▸ **Text-to-region grounding data**:
_ _ _ _ _

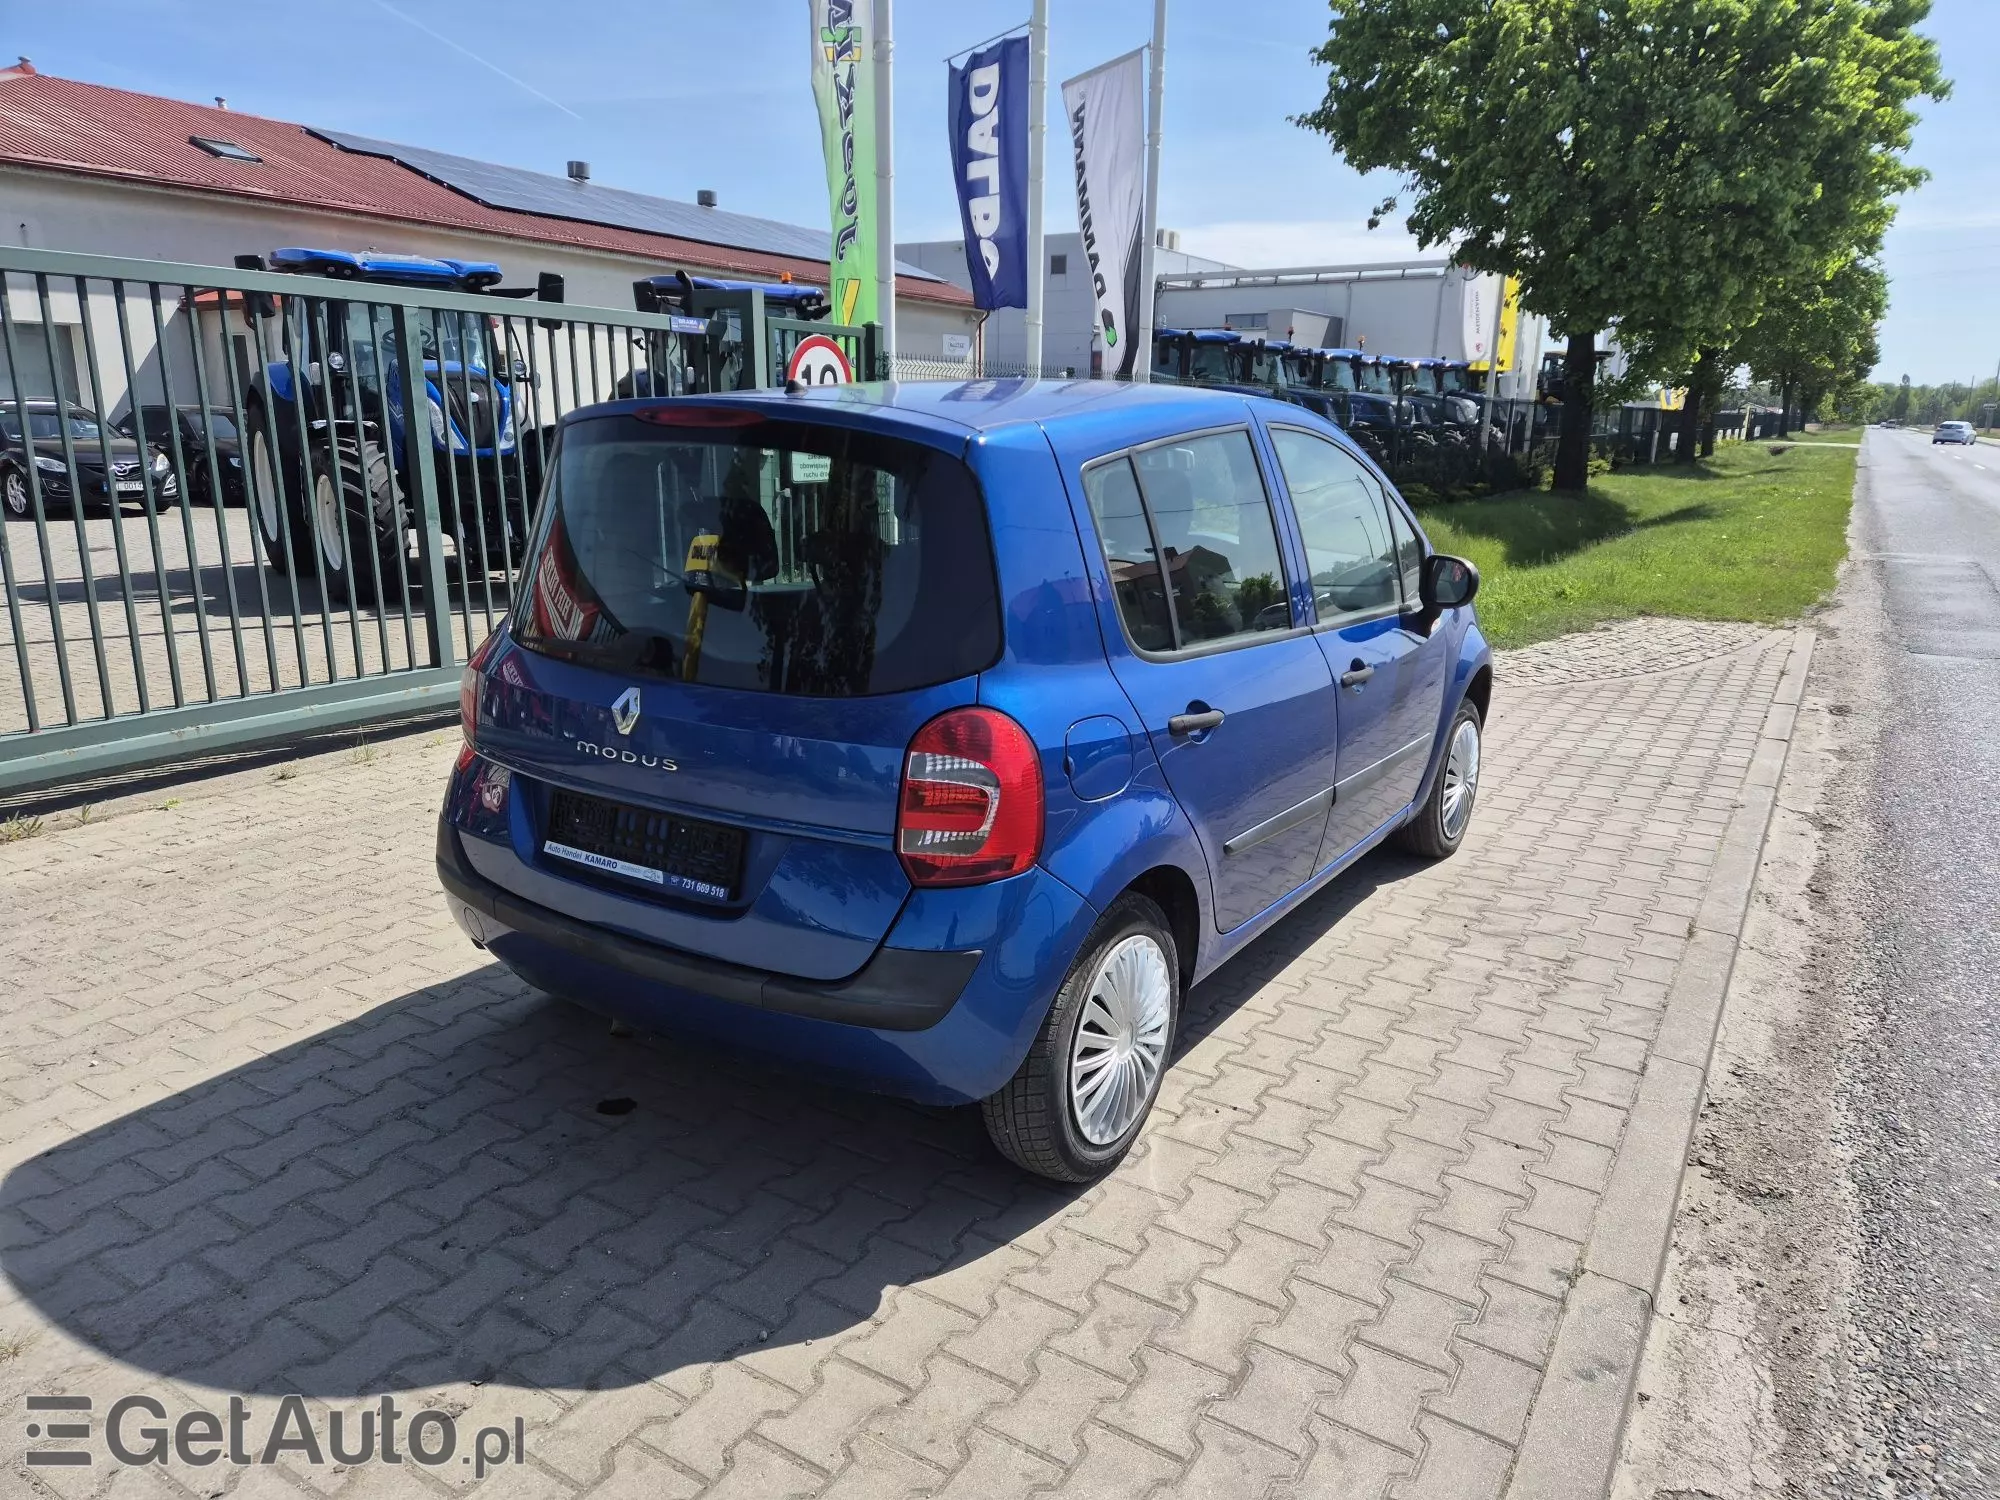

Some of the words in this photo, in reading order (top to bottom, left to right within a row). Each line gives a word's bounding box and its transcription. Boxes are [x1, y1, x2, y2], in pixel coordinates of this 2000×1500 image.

[577, 740, 678, 771] MODUS
[547, 843, 561, 854] Auto
[561, 846, 583, 860] Handel
[584, 854, 618, 869] KAMARO
[682, 878, 695, 890] 731
[696, 882, 709, 893] 669
[711, 886, 725, 898] 518

_ _ _ _ _

▸ **Try it**: Give the data above again, exactly and completely. No pictures go in.

▸ **Response box**:
Some of the words in this photo, in reading order (top to bottom, left to right within a row). Each line gives a word's bounding box and its transcription. Boxes are [x1, y1, x2, y2], in pixel coordinates of this 2000×1500 image.

[577, 740, 678, 771] MODUS
[547, 843, 561, 854] Auto
[561, 846, 583, 860] Handel
[584, 854, 618, 869] KAMARO
[682, 878, 695, 890] 731
[696, 882, 709, 893] 669
[711, 886, 725, 898] 518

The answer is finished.